Induction of anti-hapten antibody response by hapten-isologous carrier conjugate. I. Development of hapten-reactive helper cells by hapten-isologous carrier

Anti-hapten antibody production was elicited by the immunization of hapten-isologous carrier conjugate (DNP-MγG) in mice. The spleen and lymph node cells taken from those primed mice were effectively stimulated with hapten-heterologous carrier conjugates (DNP-KLH and DNP-BαA) as well as hapten-homologous carrier conjugate (DNP-MγG) when transferred into X-irradiated recipient mice. The reactivity of DNP-MγG-primed cells to DNP-heterologous carrier conjugates was not due to the mutual crossreactivity of the carrier with MγG on cellular level, since the spleen and lymph node cells primed with DNP-KLH or DNP-BαA could only be stimulated with corresponding hapten-homologous carrier conjugate.

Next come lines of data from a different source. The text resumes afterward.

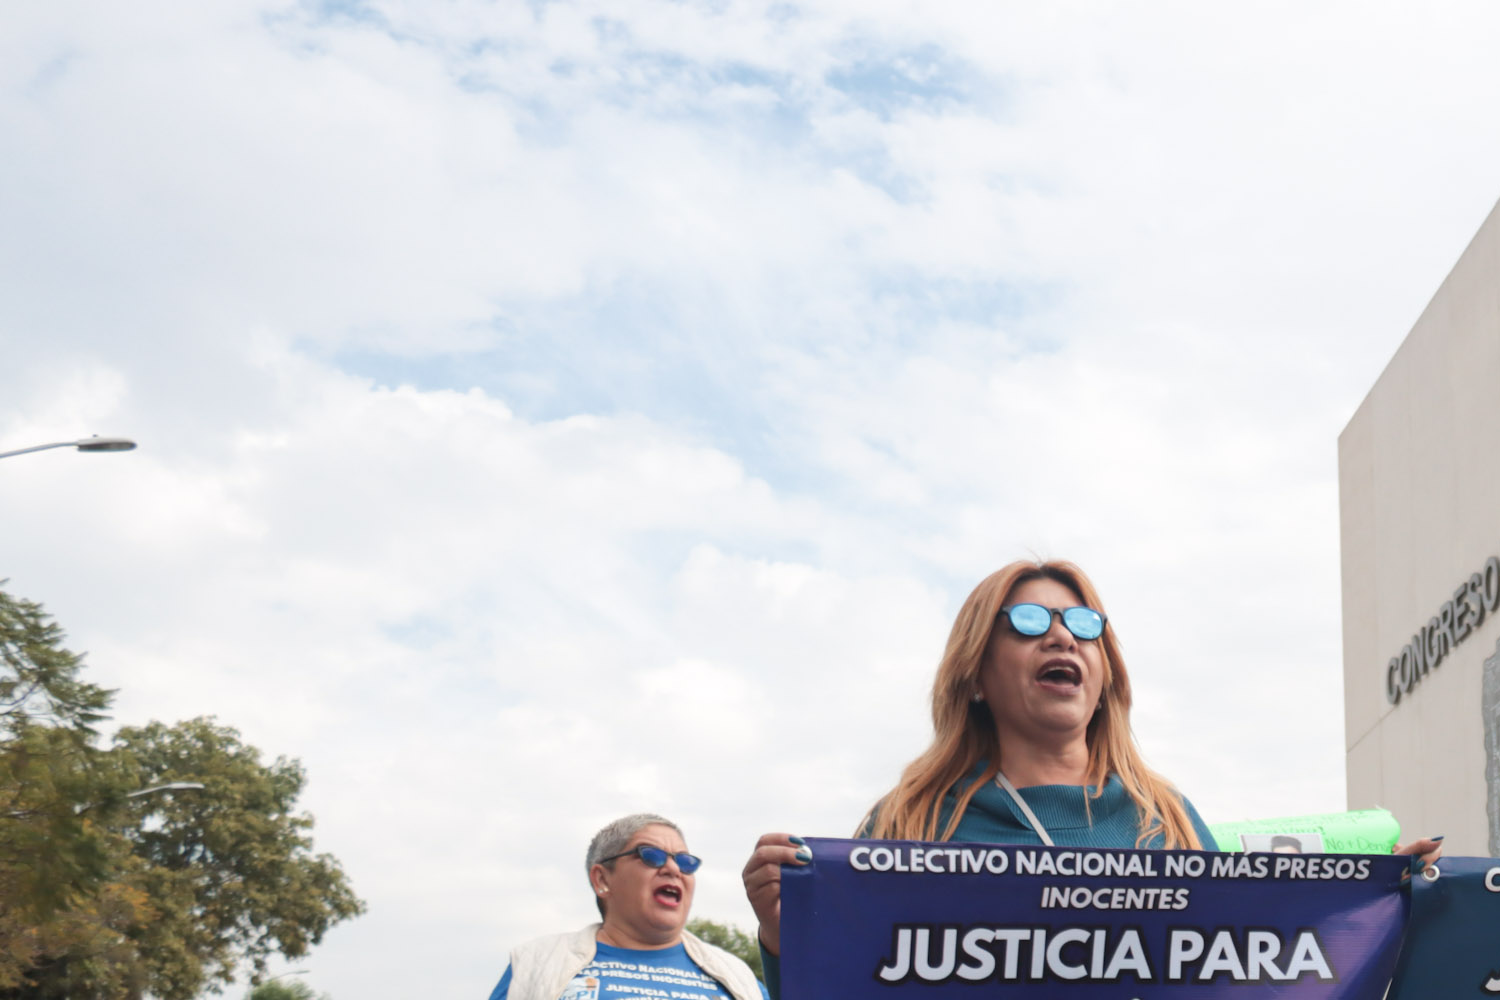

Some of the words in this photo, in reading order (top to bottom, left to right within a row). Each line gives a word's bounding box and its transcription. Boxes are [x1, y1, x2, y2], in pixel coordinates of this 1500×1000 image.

[850, 847, 1008, 874] COLECTIVO
[1016, 851, 1157, 877] NACIONAL
[1165, 854, 1206, 878] NO
[1211, 851, 1269, 878] MÁS
[1274, 856, 1371, 880] PRESOS
[1041, 887, 1189, 910] INOCENTES
[879, 928, 1152, 981] JUSTICIA
[1169, 930, 1333, 980] PARA
[605, 984, 670, 997] JUSTICIA
[671, 990, 710, 1000] PARA

The responsiveness of DNP-MγG-primed cells to hapten-heterologous carrier conjugates was due to the result that hapten-reactive helper cells were developed by the immunization of hapten-isologous carrier and these cells cooperated with hapten-specific B cells.The helper activity of the hapten-isologous carrier-primed cells was resistant to 600-R X-irradiation in vitro and sensitive to in vivo ATS treatment. This suggests that the helper activity induced by hapten-isologous carrier is of T cell origin. The helper activity of hapten-isologous carrier-primed cells was also developed by the immunization of PAB-MγG, and clear cooperative interaction between PAB-MγG-primed cells and DNP-specific B cells was demonstrated through DNP-MγG-PAB.The possible mechanism of helper cell development induced by the immunization of hapten-isologous carrier conjugate was discussed in light of the hapten specificity of helper activity.     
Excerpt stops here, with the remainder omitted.